■ Directions
The expected output is an exact copy of the lines from the one containing "this 1496×1000 image." through the final line of the entries below, with no images.

(Saved entries)
■ ■ ■

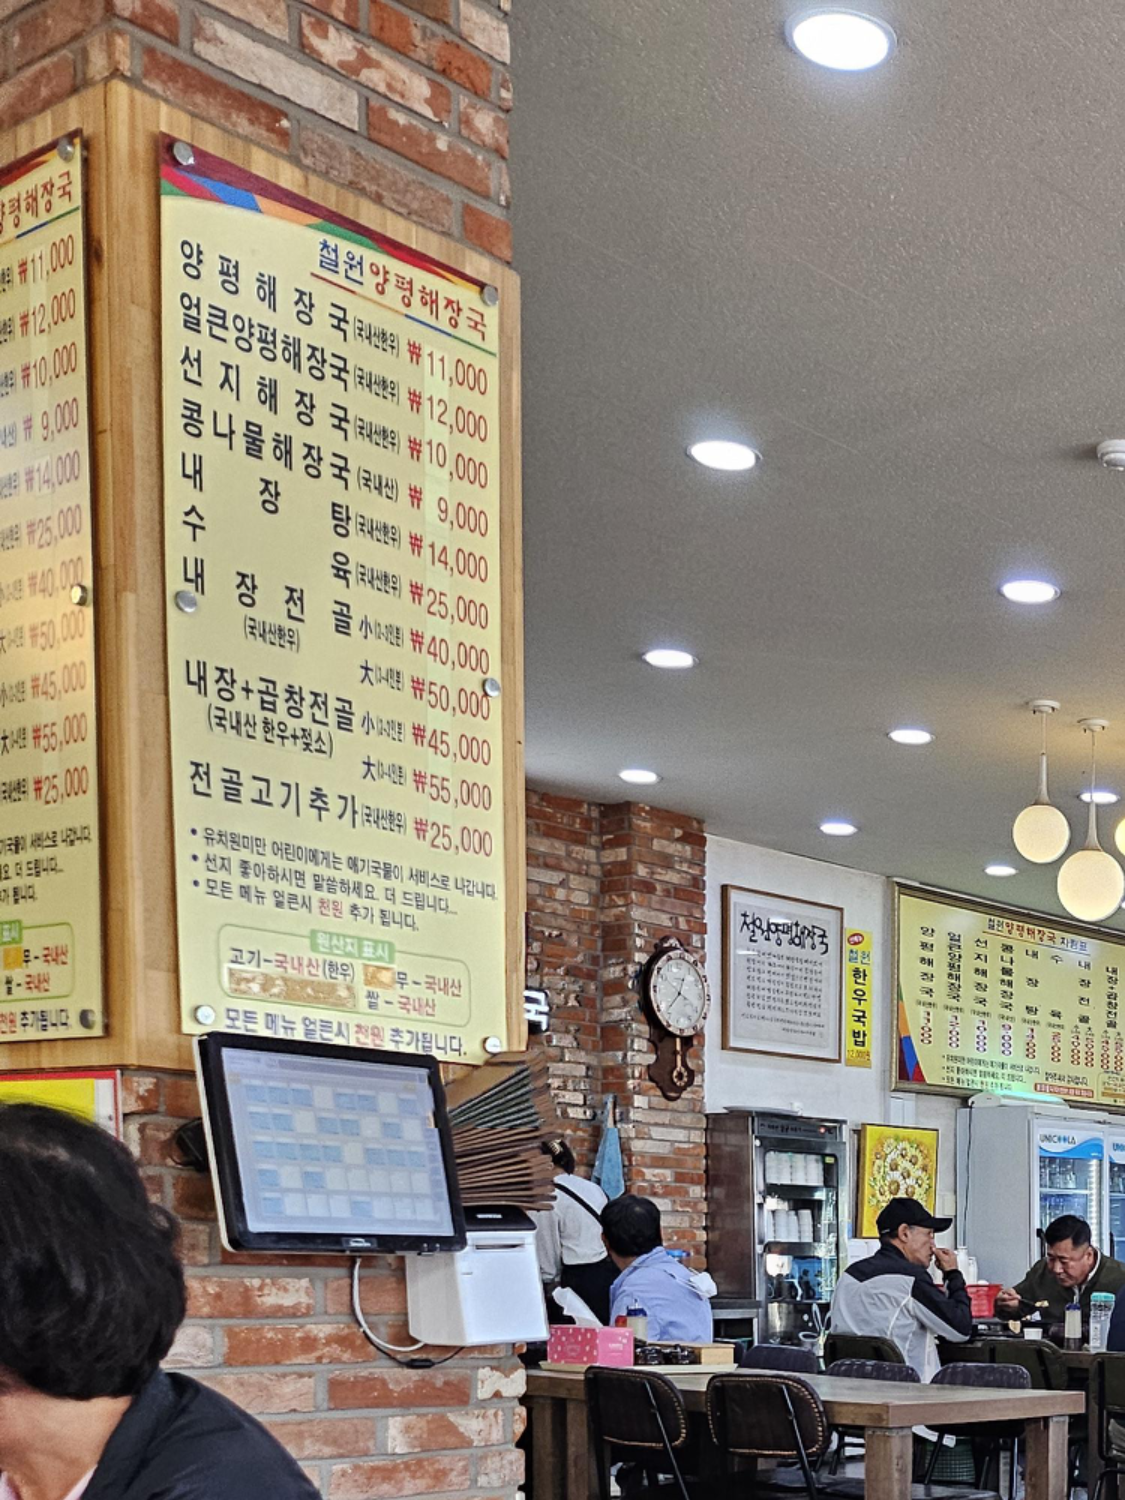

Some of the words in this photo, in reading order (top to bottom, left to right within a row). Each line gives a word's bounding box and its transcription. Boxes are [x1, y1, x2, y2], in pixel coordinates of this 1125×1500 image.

[180, 292, 350, 393] 얼큰양평해장국
[181, 397, 351, 491] 콩나물해장국
[357, 466, 399, 503] (국내산)
[185, 659, 355, 733] 내장+곱창전골
[203, 827, 266, 857] 유치원미만
[272, 840, 343, 871] 어린이에게는
[409, 866, 451, 891] 서비스로
[205, 853, 232, 876] 선지
[239, 859, 306, 889] 좋아하시면
[385, 886, 396, 905] 더
[205, 878, 234, 900] 모든
[240, 884, 267, 906] 메뉴
[273, 889, 312, 914] 얼큰시
[318, 897, 343, 919] 천원
[350, 902, 374, 925] 추가
[397, 994, 436, 1018] 국내산
[425, 974, 462, 998] 국내산
[852, 967, 868, 1048] 한우국밥
[225, 1007, 259, 1034] 모든
[264, 1012, 297, 1038] 메뉴
[354, 1022, 386, 1048] 천원
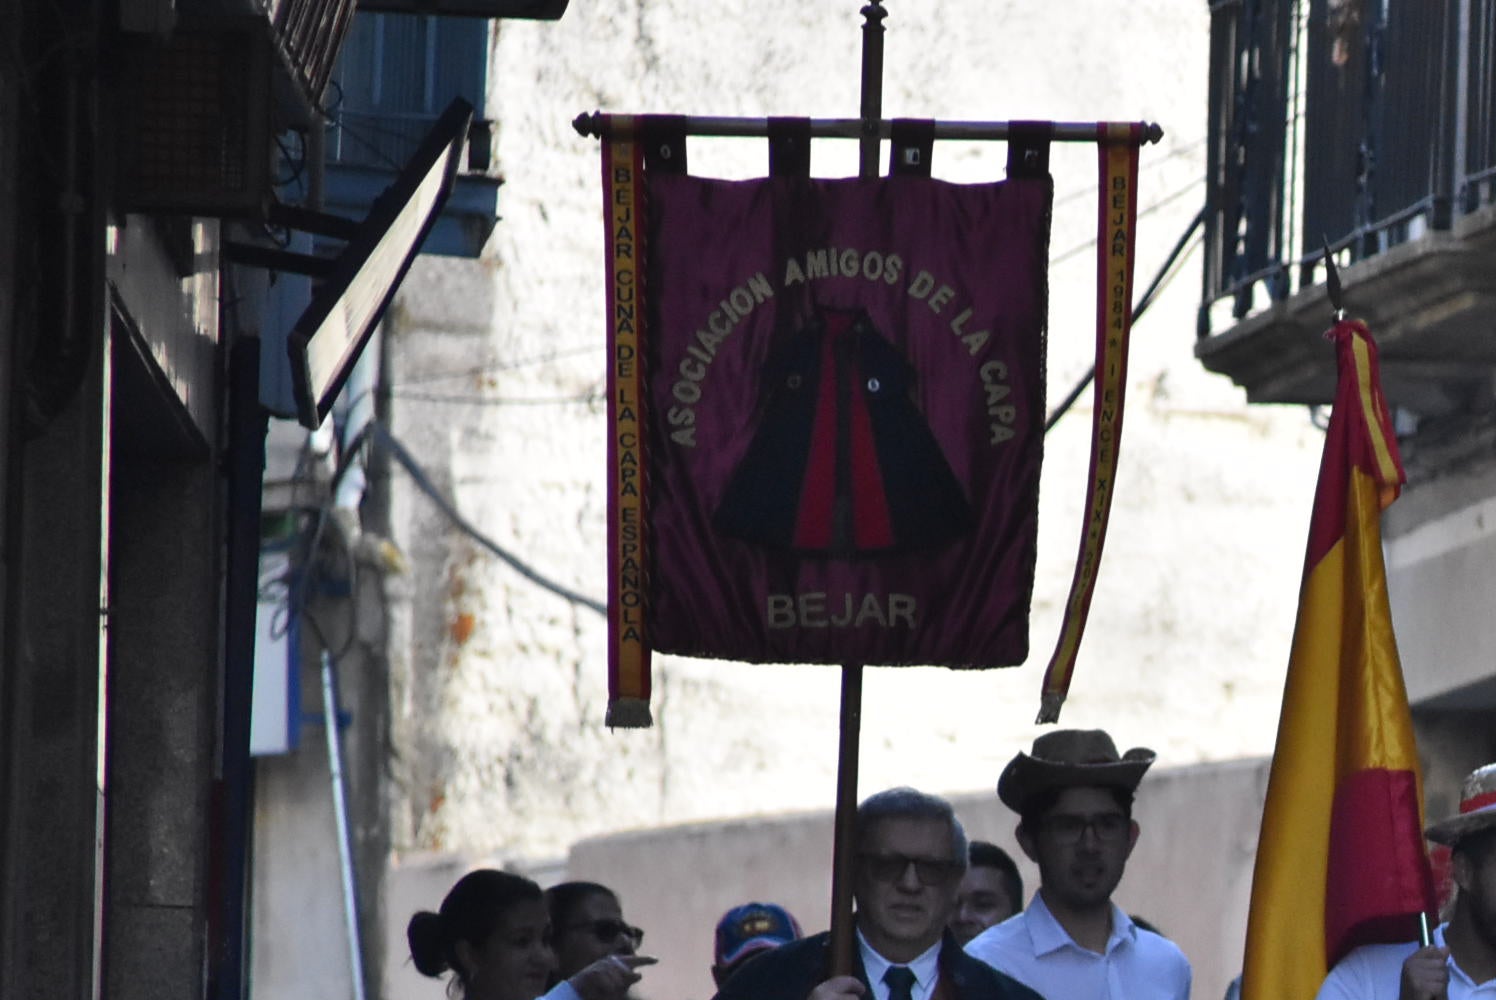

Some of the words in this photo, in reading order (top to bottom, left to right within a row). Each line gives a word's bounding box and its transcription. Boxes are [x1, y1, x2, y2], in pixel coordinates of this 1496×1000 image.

[614, 168, 633, 258] BEJAR
[1111, 176, 1126, 257] BEJAR
[615, 270, 634, 333] CUNA
[1111, 270, 1125, 329] 1984
[616, 345, 635, 378] DE
[667, 271, 774, 449] ASOCIACION
[784, 248, 902, 287] AMIGOS
[907, 270, 956, 315] DE
[950, 307, 991, 356] LA
[979, 360, 1016, 446] CAPA
[618, 389, 636, 422] LA
[618, 433, 638, 496] CAPA
[767, 592, 917, 629] BEJAR
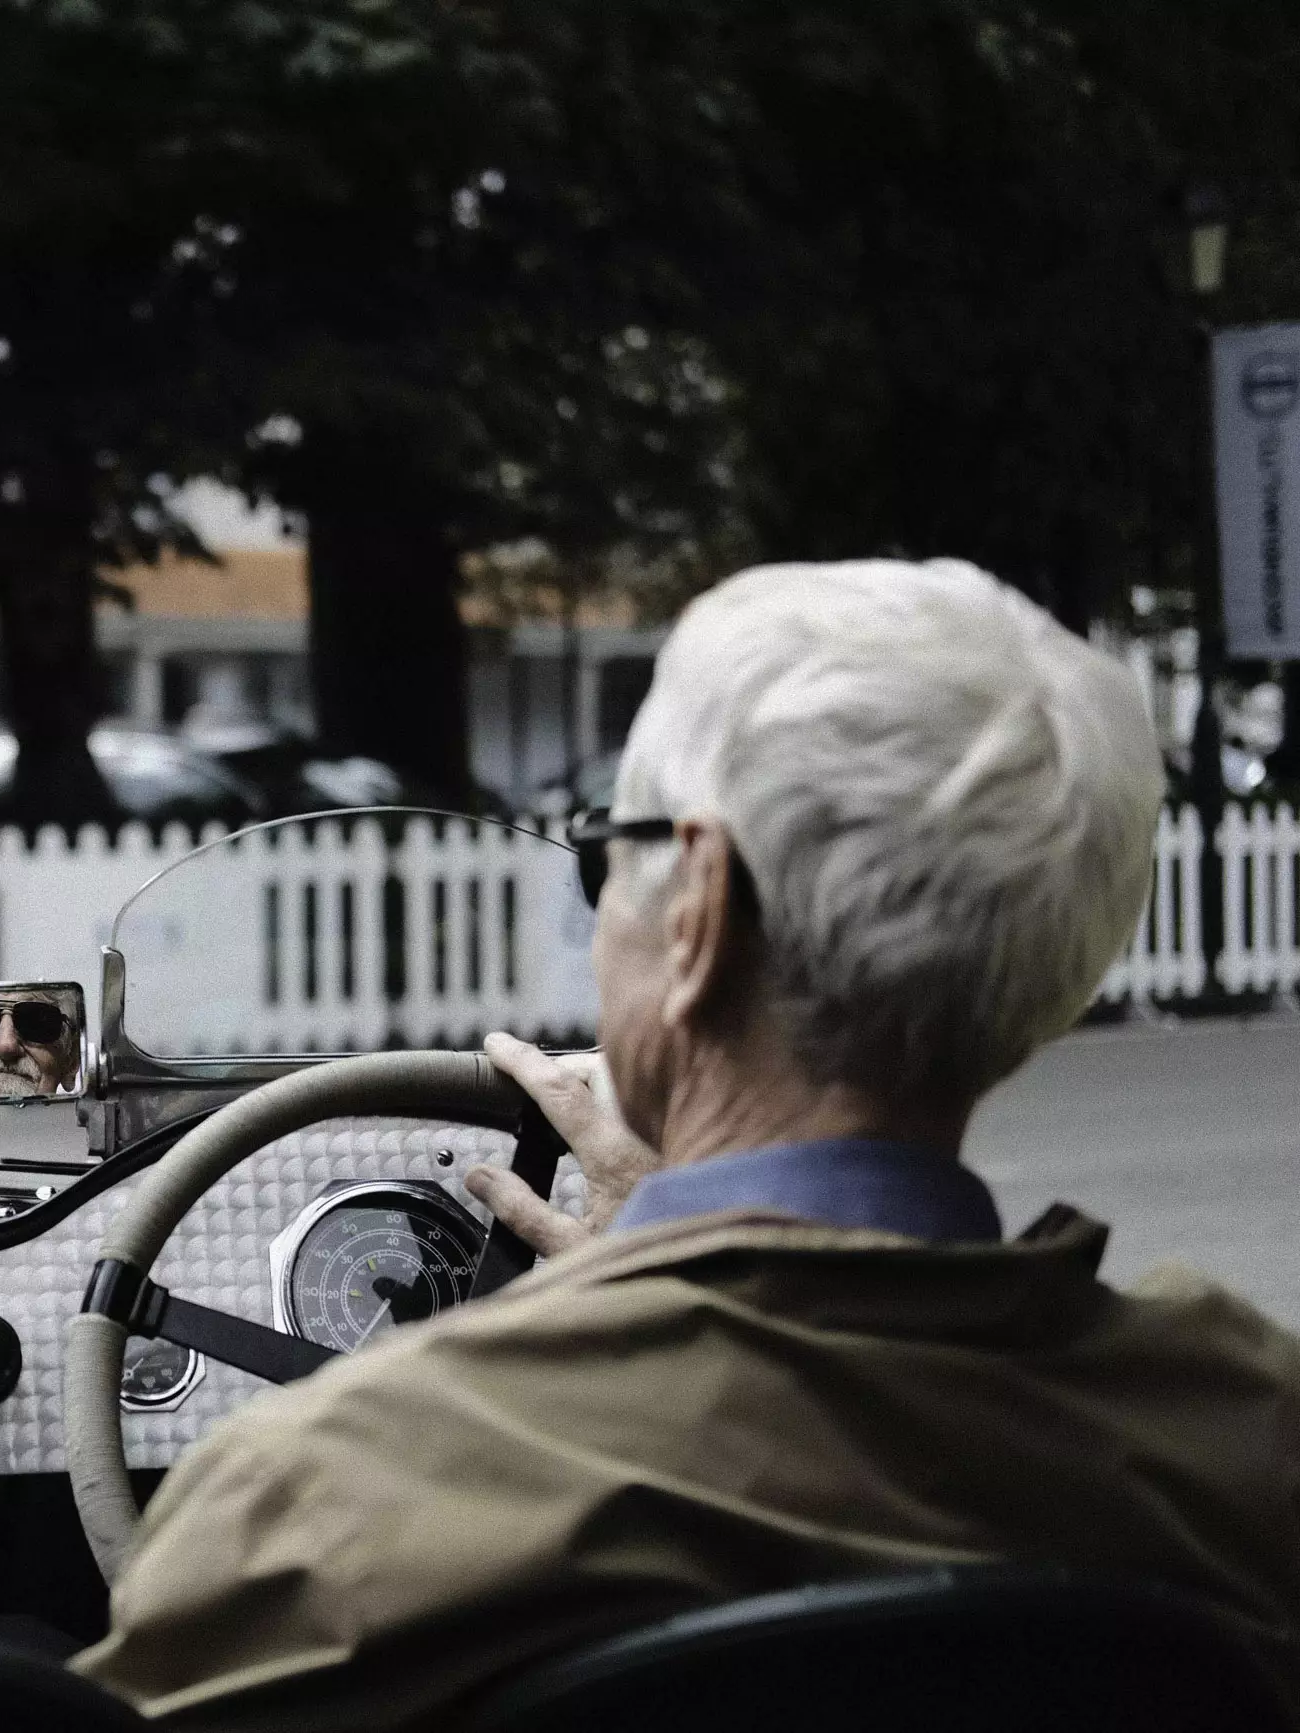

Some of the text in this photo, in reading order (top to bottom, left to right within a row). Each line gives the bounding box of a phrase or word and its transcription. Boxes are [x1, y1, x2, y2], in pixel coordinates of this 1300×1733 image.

[386, 1214, 402, 1224] 60
[428, 1230, 441, 1240] 70
[386, 1237, 399, 1246] 40
[341, 1254, 353, 1264] 30
[429, 1264, 442, 1273] 50
[453, 1266, 468, 1276] 80
[304, 1287, 318, 1297] 30
[327, 1290, 339, 1300] 20
[310, 1316, 324, 1327] 20
[337, 1322, 347, 1331] 10
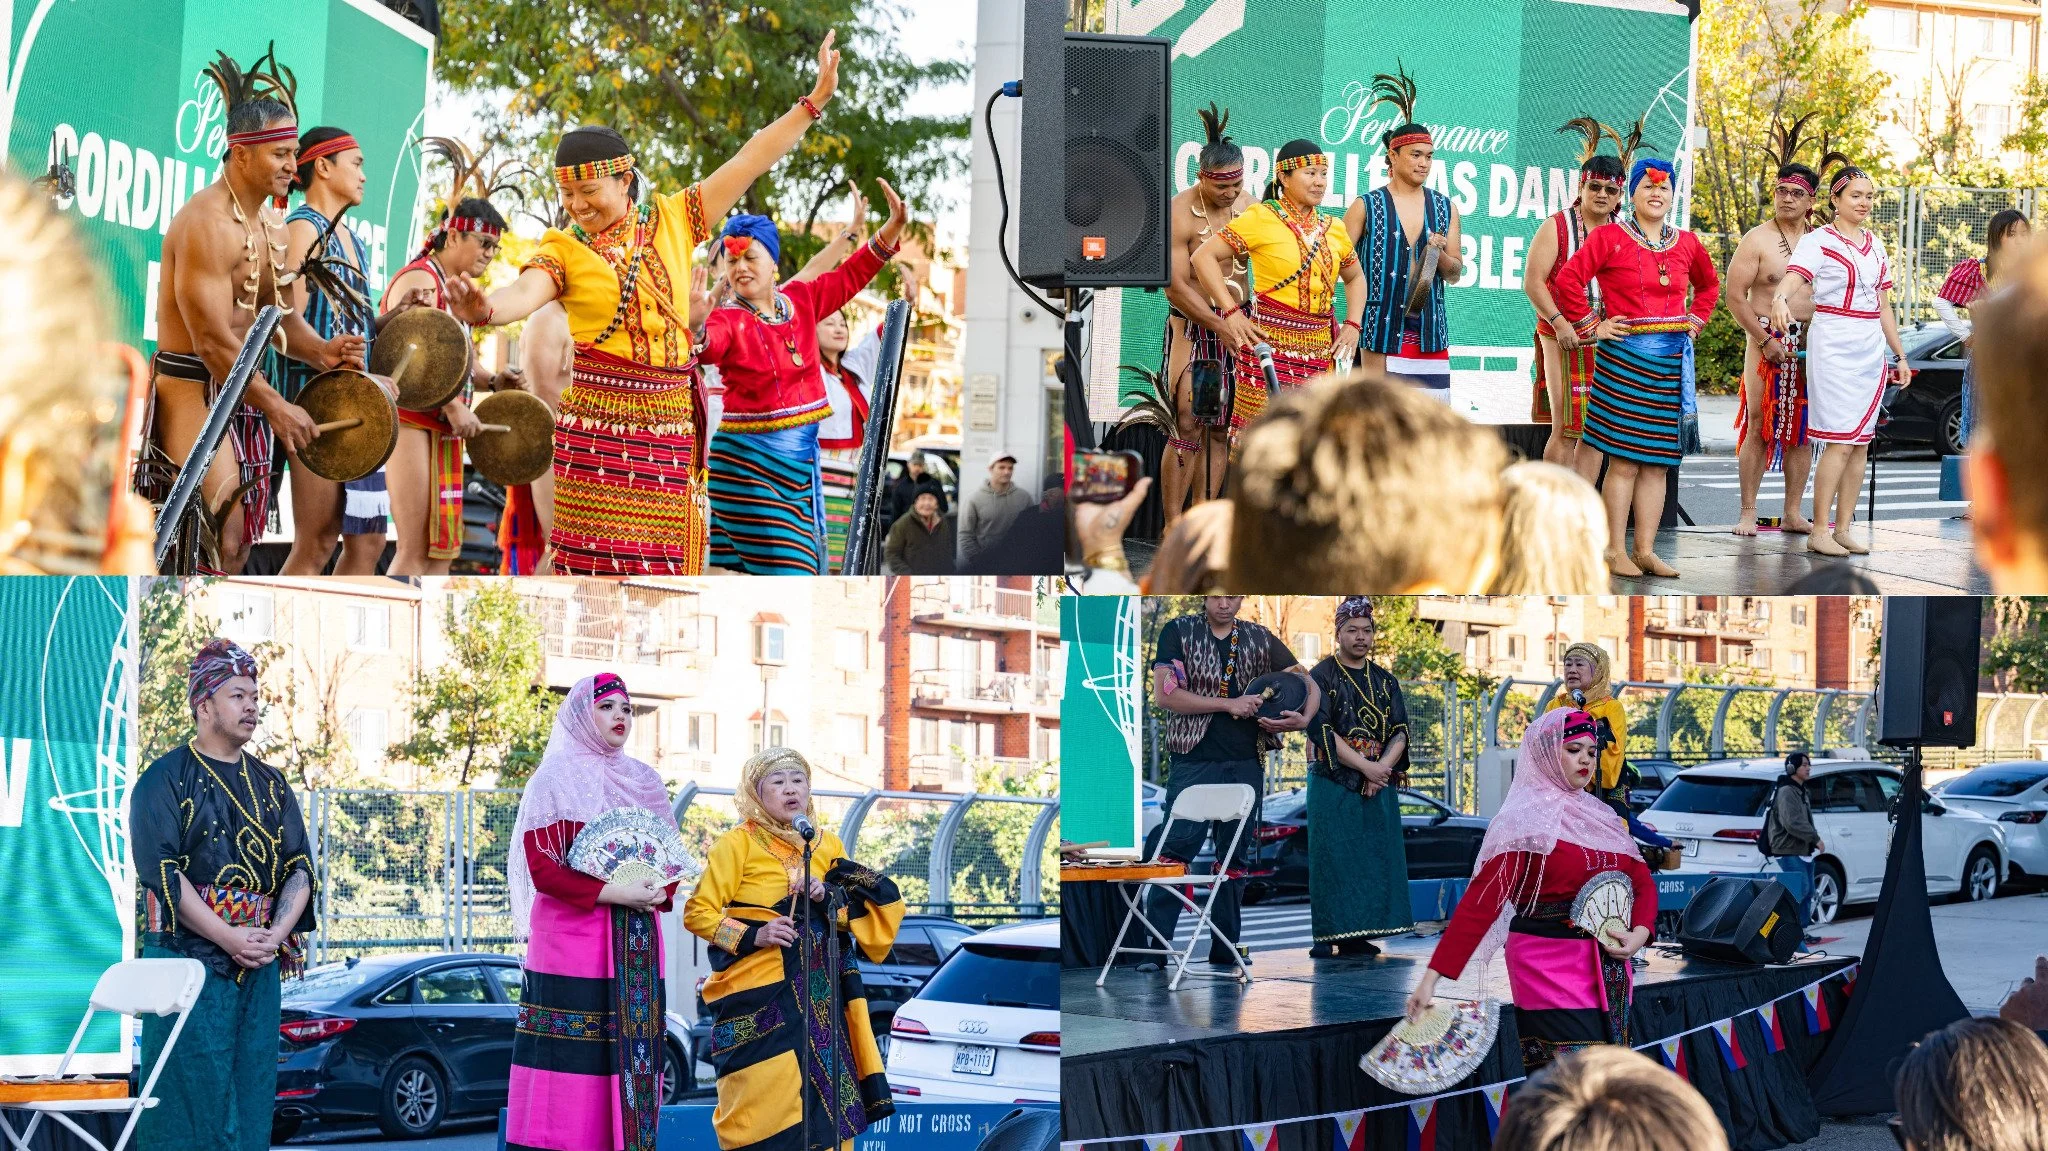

■ ■ ■

■ Expected answer
Some of the words in this photo, in reading order (top to bottom, left to right within a row). Each line gives a word's bounding box and its transcription. Boxes are [x1, y1, x2, y2], in pixel coordinates of this 1496×1000 image.

[614, 168, 633, 258] BEJAR
[1111, 176, 1126, 257] BEJAR
[615, 270, 634, 333] CUNA
[1111, 270, 1125, 329] 1984
[616, 345, 635, 378] DE
[667, 271, 774, 449] ASOCIACION
[784, 248, 902, 287] AMIGOS
[907, 270, 956, 315] DE
[950, 307, 991, 356] LA
[979, 360, 1016, 446] CAPA
[618, 389, 636, 422] LA
[618, 433, 638, 496] CAPA
[767, 592, 917, 629] BEJAR

Some of the text in this photo, in reading order (top to bottom, left to right within a row). Each line gives the bounding box of a phrase or word and its transcription. Boxes are [x1, y1, x2, y2], in pixel coordinates of this 1300×1733 image.

[386, 1214, 402, 1224] 60
[428, 1230, 441, 1240] 70
[386, 1237, 399, 1246] 40
[341, 1254, 353, 1264] 30
[429, 1264, 442, 1273] 50
[453, 1266, 468, 1276] 80
[304, 1287, 318, 1297] 30
[327, 1290, 339, 1300] 20
[310, 1316, 324, 1327] 20
[337, 1322, 347, 1331] 10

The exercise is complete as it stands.